• Brief:
Please output every record exactly, keeping each line as it is.

Source material: Begin

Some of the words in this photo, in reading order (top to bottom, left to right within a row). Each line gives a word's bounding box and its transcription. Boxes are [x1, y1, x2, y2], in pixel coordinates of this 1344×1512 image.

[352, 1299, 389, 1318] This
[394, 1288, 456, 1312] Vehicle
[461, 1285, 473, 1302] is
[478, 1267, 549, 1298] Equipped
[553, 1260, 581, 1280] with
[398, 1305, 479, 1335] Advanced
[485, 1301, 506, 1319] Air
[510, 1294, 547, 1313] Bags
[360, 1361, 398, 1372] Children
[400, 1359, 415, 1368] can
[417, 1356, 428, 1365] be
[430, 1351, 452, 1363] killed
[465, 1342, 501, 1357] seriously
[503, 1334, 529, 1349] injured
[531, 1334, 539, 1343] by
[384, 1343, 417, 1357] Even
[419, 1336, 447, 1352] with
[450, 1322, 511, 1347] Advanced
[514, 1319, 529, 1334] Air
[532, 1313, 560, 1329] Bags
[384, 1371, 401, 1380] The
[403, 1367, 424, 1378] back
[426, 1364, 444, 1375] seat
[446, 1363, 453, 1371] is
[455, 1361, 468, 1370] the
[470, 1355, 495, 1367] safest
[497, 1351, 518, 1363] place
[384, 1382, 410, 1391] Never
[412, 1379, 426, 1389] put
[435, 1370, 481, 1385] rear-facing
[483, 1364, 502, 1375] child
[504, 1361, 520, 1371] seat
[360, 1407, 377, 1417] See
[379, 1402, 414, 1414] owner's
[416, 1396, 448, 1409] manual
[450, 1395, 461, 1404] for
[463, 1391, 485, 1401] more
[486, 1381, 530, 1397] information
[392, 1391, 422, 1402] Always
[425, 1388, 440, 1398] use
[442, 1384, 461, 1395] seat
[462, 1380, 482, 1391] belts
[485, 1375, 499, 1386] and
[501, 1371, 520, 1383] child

Source material: End

• Response to this exercise:
Some of the words in this photo, in reading order (top to bottom, left to right within a row). Each line gives a word's bounding box and its transcription. Boxes are [x1, y1, x2, y2], in pixel coordinates of this 1344×1512 image.

[352, 1299, 389, 1318] This
[394, 1288, 456, 1312] Vehicle
[461, 1285, 473, 1302] is
[478, 1267, 549, 1298] Equipped
[553, 1260, 581, 1280] with
[398, 1305, 479, 1335] Advanced
[485, 1301, 506, 1319] Air
[510, 1294, 547, 1313] Bags
[360, 1361, 398, 1372] Children
[400, 1359, 415, 1368] can
[417, 1356, 428, 1365] be
[430, 1351, 452, 1363] killed
[465, 1342, 501, 1357] seriously
[503, 1334, 529, 1349] injured
[531, 1334, 539, 1343] by
[384, 1343, 417, 1357] Even
[419, 1336, 447, 1352] with
[450, 1322, 511, 1347] Advanced
[514, 1319, 529, 1334] Air
[532, 1313, 560, 1329] Bags
[384, 1371, 401, 1380] The
[403, 1367, 424, 1378] back
[426, 1364, 444, 1375] seat
[446, 1363, 453, 1371] is
[455, 1361, 468, 1370] the
[470, 1355, 495, 1367] safest
[497, 1351, 518, 1363] place
[384, 1382, 410, 1391] Never
[412, 1379, 426, 1389] put
[435, 1370, 481, 1385] rear-facing
[483, 1364, 502, 1375] child
[504, 1361, 520, 1371] seat
[360, 1407, 377, 1417] See
[379, 1402, 414, 1414] owner's
[416, 1396, 448, 1409] manual
[450, 1395, 461, 1404] for
[463, 1391, 485, 1401] more
[486, 1381, 530, 1397] information
[392, 1391, 422, 1402] Always
[425, 1388, 440, 1398] use
[442, 1384, 461, 1395] seat
[462, 1380, 482, 1391] belts
[485, 1375, 499, 1386] and
[501, 1371, 520, 1383] child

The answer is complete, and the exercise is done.